High interest rates, meanwhile, are designed to weigh on inflation. Americans may decide to delay a purchase or investment that requires financing, weighing on consumer spending.

They can also lead to joblessness if the economy slows too much. Without a paycheck, consumers have the least amount of buying power at all.

The Fed is the country’s No. 1 inflation fighter because its tools are seen as the most effective.

One of the biggest corners of the economy impacted by higher interest rates is the job market. Expansions that seemed wise when money was cheap might be put on the backburner. New opportunities made possible by low interest rates are no longer on the table.

Key economic reports are still distorted by the prolonged government shutdown last fall, but the latest data available shows a clear trend: The job market has cooled from its red-hot, post-pandemic state as the Fed rapidly raised interest rates — and kept them higher for longer.

The nation’s joblessness rate has now held above 4% since May 2024, recently hitting 4.4% in December, Labor Department data shows. Hiring massively cooled in 2025, with employers adding just 584,000 jobs in the year, less than a third of the roughly 2 million positions created in 2024. Most of those positions (84%) were created between January and April.

Job cuts in 2025 have now surpassed one million for only the seventh time since 2001, according to data from outplacement firm Challenger, Gray & Christmas. It’s a level the U.S. economy typically sees during recessions or periods of major structural change, such as an automation wave in the mid-2000s that wiped out jobs in manufacturing and tech, the agency said.

More than 2 in 3 workers (69%) are worried about their job security, with 27 percent more worried today than they were at the start of the year, according to Bankrate’s Worker Intentions Survey from July.
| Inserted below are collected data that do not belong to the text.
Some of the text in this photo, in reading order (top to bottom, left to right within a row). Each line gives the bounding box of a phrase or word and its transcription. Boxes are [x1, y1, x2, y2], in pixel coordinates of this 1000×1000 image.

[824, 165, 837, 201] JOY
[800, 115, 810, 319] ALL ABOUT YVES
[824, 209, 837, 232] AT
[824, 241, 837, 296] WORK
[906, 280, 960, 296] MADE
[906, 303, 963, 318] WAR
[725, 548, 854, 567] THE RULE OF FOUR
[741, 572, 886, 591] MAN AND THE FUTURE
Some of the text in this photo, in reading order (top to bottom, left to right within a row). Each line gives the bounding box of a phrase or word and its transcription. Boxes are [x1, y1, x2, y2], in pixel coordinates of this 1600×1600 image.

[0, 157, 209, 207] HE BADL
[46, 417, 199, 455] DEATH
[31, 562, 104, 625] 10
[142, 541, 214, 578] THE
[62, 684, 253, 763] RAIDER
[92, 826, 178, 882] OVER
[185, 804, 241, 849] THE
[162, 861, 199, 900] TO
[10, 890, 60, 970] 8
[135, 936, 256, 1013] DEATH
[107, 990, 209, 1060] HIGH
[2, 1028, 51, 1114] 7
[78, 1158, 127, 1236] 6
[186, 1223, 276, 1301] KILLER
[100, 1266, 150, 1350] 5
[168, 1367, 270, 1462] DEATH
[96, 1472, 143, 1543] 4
The slowdown in the job market doesn’t just impact workers’ job prospects but their bargaining power, too. More than 2 in 5 workers (43%) didn’t receive a pay increase between September 2024 and 2025, according to Bankrate’s latest Pay Raise Survey.
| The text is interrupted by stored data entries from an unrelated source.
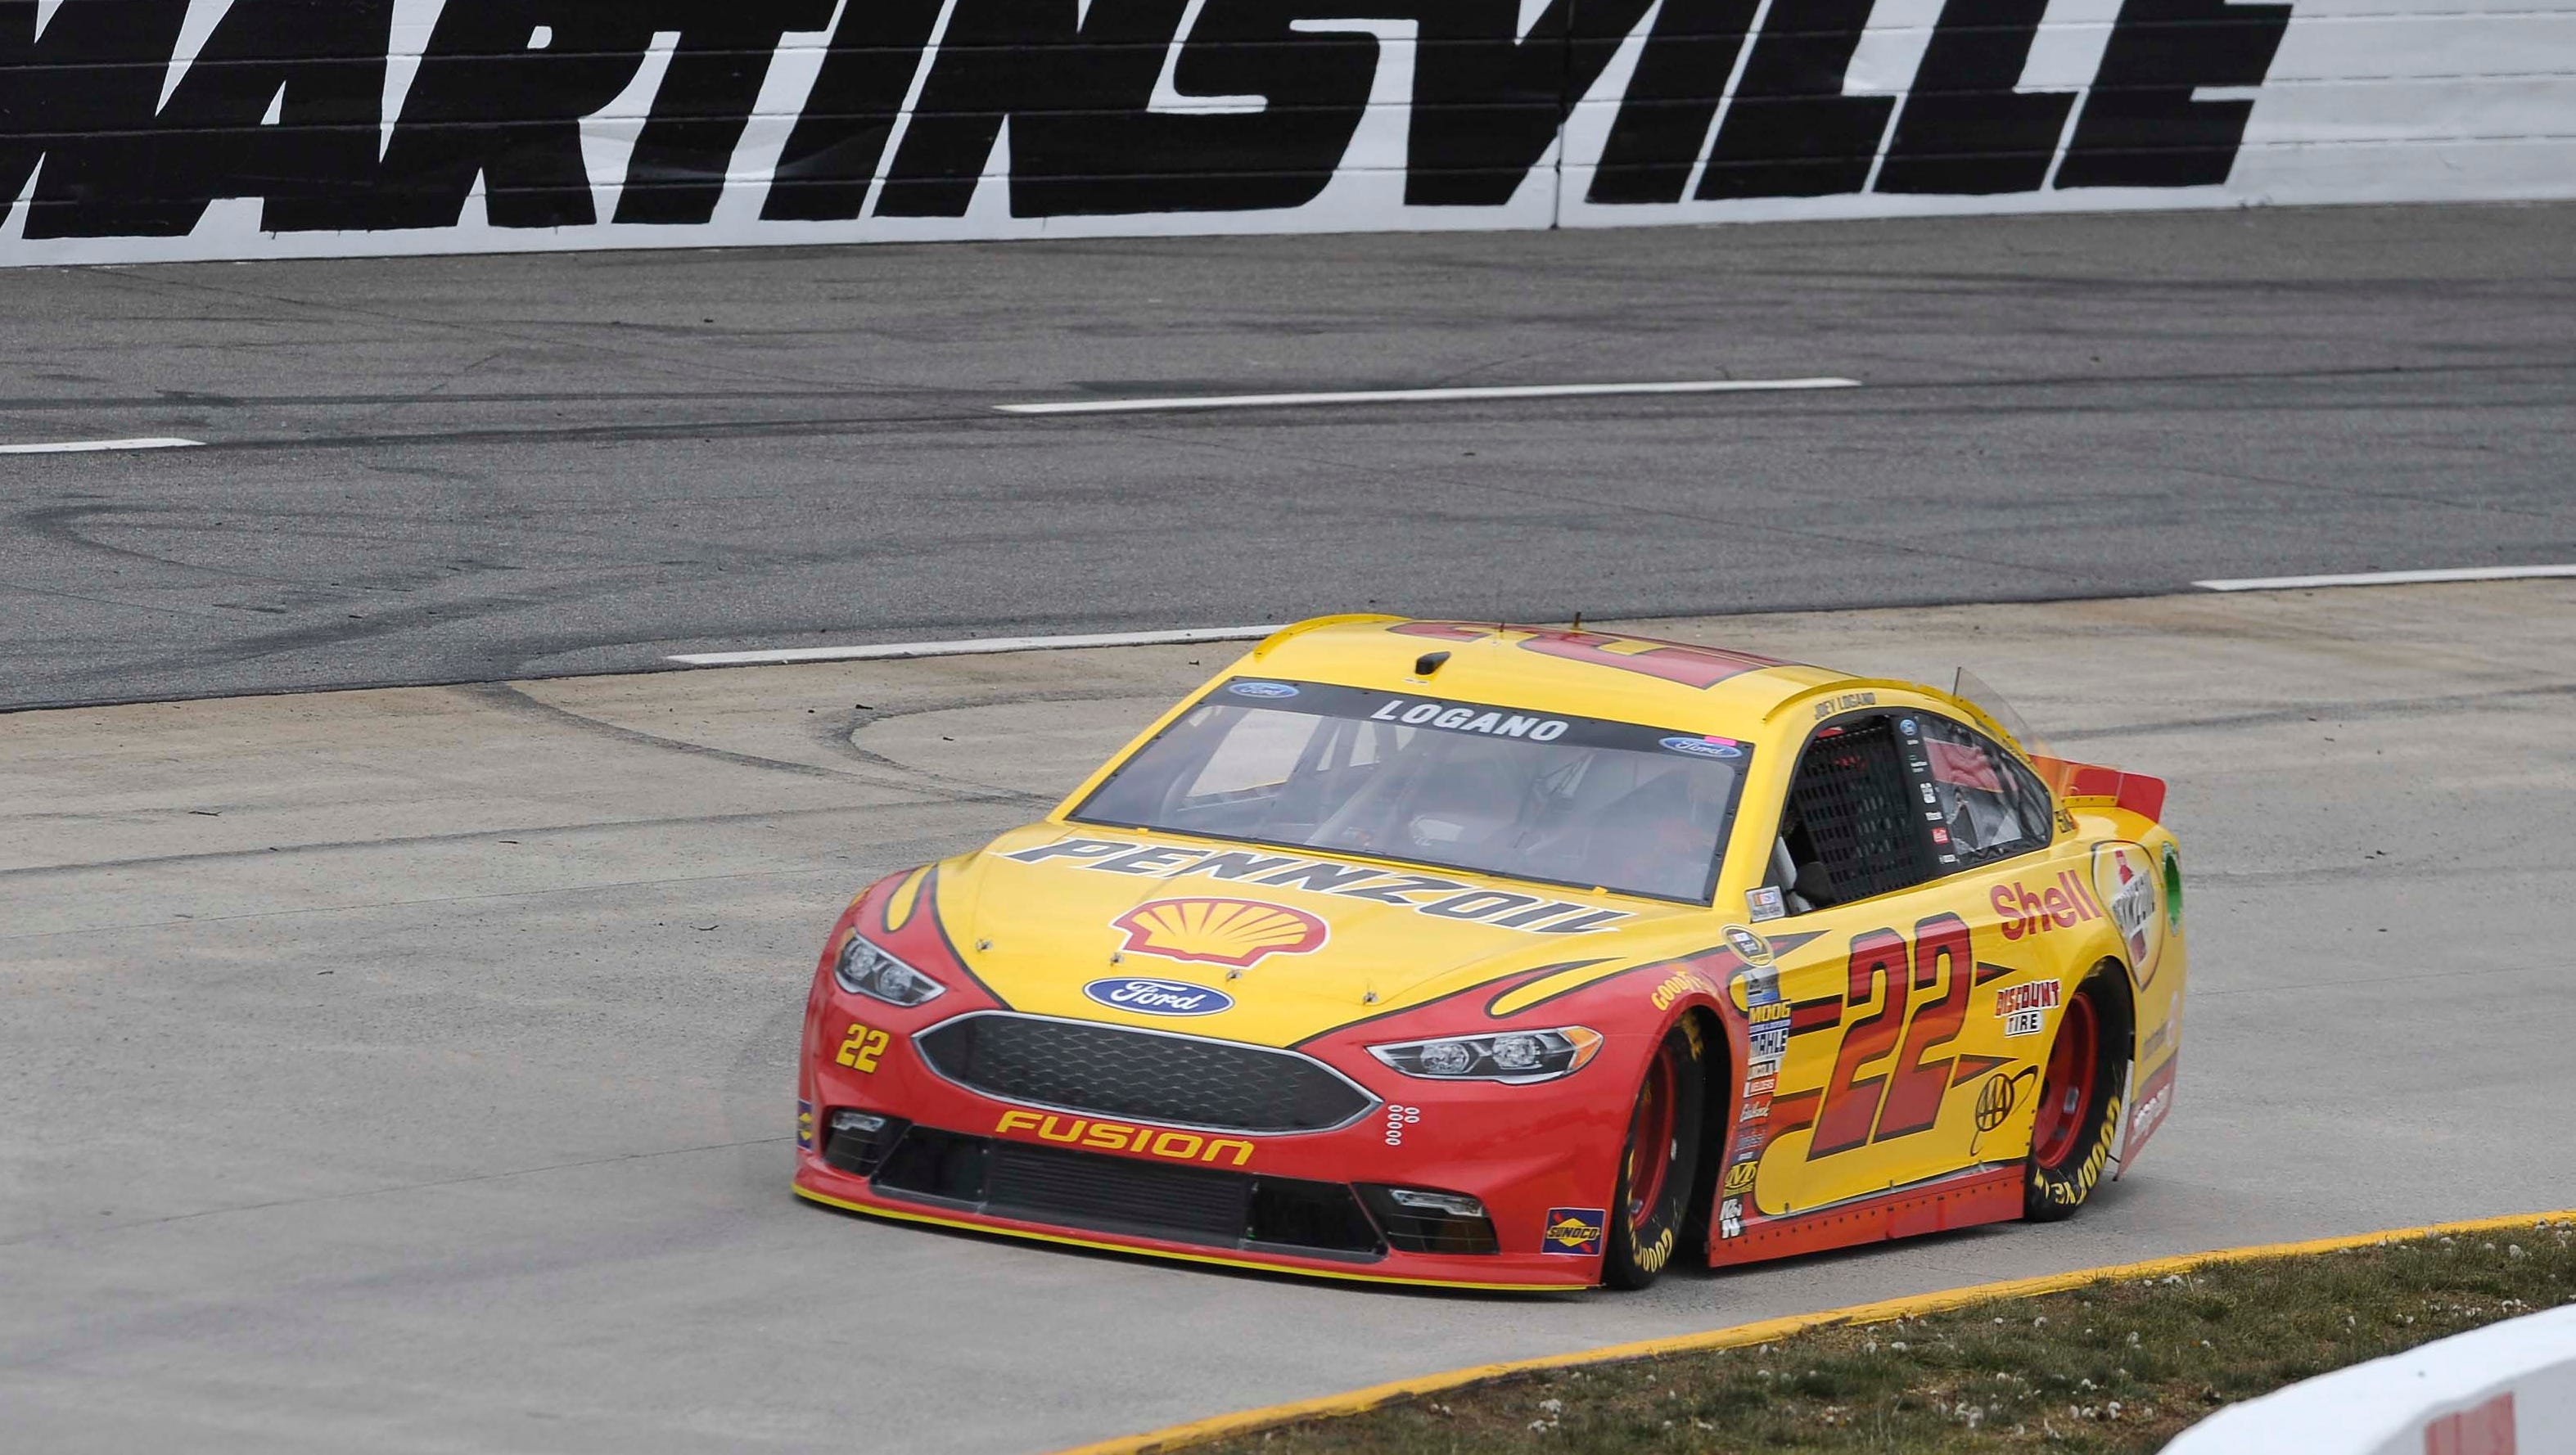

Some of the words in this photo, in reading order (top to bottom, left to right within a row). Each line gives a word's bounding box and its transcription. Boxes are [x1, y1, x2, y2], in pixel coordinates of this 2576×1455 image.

[1370, 700, 1569, 741] LOGANO
[1000, 838, 1635, 935] PENNZOIL
[1990, 869, 2103, 941] Shell
[1110, 981, 1207, 1011] Ford
[1748, 1001, 1792, 1025] MOOG
[1995, 980, 2060, 1017] DISCOUNT
[1749, 1029, 1788, 1056] MAHLE
[1806, 912, 1972, 1161] 22
[2008, 1013, 2038, 1034] TIRE
[836, 1023, 890, 1074] 22
[995, 1110, 1255, 1166] FUSION
[2033, 1095, 2122, 1206] GOODYE
[1548, 1227, 1599, 1240] SUNOCO
Economists are realizing the job market is cooling. Workers have known it for months.

Read more

Raising interest rates is a blunt instrument with no method of fine-tuning specific corners of the economy. It simply works by slowing demand overall — but the risk is that the U.S. central bank could do too much. Put in the mix that officials are trying to judge how rates impact the economy with backward-looking data, and the picture looks even darker.
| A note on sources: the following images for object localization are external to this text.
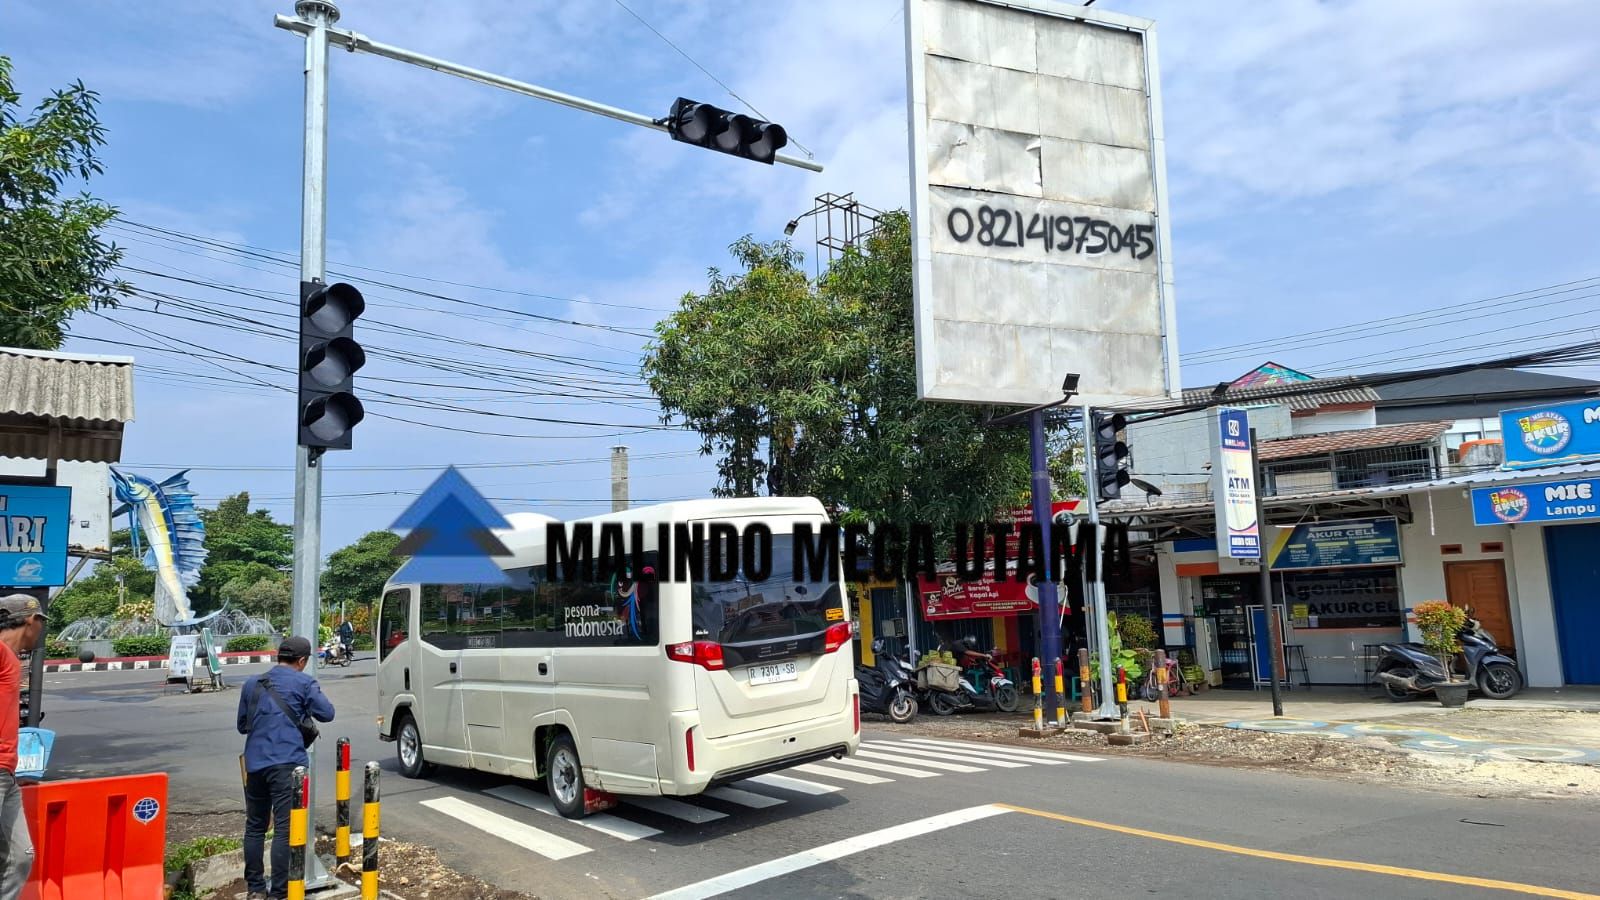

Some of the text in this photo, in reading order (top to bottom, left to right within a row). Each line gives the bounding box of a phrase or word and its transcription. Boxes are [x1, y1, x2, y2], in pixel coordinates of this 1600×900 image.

[947, 205, 1155, 260] 082141975045
[1525, 422, 1569, 443] AKUR
[1228, 477, 1250, 490] ATM
[1544, 483, 1592, 502] MIE
[1546, 504, 1596, 516] Lampu
[1307, 530, 1342, 539] AKUR
[1346, 528, 1379, 536] CELL
[564, 604, 601, 621] pesona
[564, 617, 625, 637] indonesia
[750, 668, 756, 679] R
[760, 664, 780, 678] 7391
[785, 663, 795, 674] SB
While the odds of a soft-landing have looked promising, eight of the Fed’s past nine tightening cycles have ended in a recession, according to an analysis from Roberto Perli, former head of global policy at Piper Sandler who now helps manage the U.S. central bank’s open-market operations at the New York Fed.

Even with the Fed’s 1.75 percentage point worth of rate cuts so far in this cycle, borrowing costs are still the highest since 2008, according to a Bankrate analysis.

Boosting your credit score and paying off high-cost debt can also create more breathing room in your budget in a higher-rate environment. Use Bankrate’s tools to find the best auto loan or mortgage for you, and shop for the best savings account to park your cash.

“One of the most impactful steps you can take is improving your credit score, which is firmly within your control and can significantly influence the rates you qualify for when you begin the borrowing process,” Kates says. “Don’t overlook the benefits of improving your loan eligibility by improving your own finances.”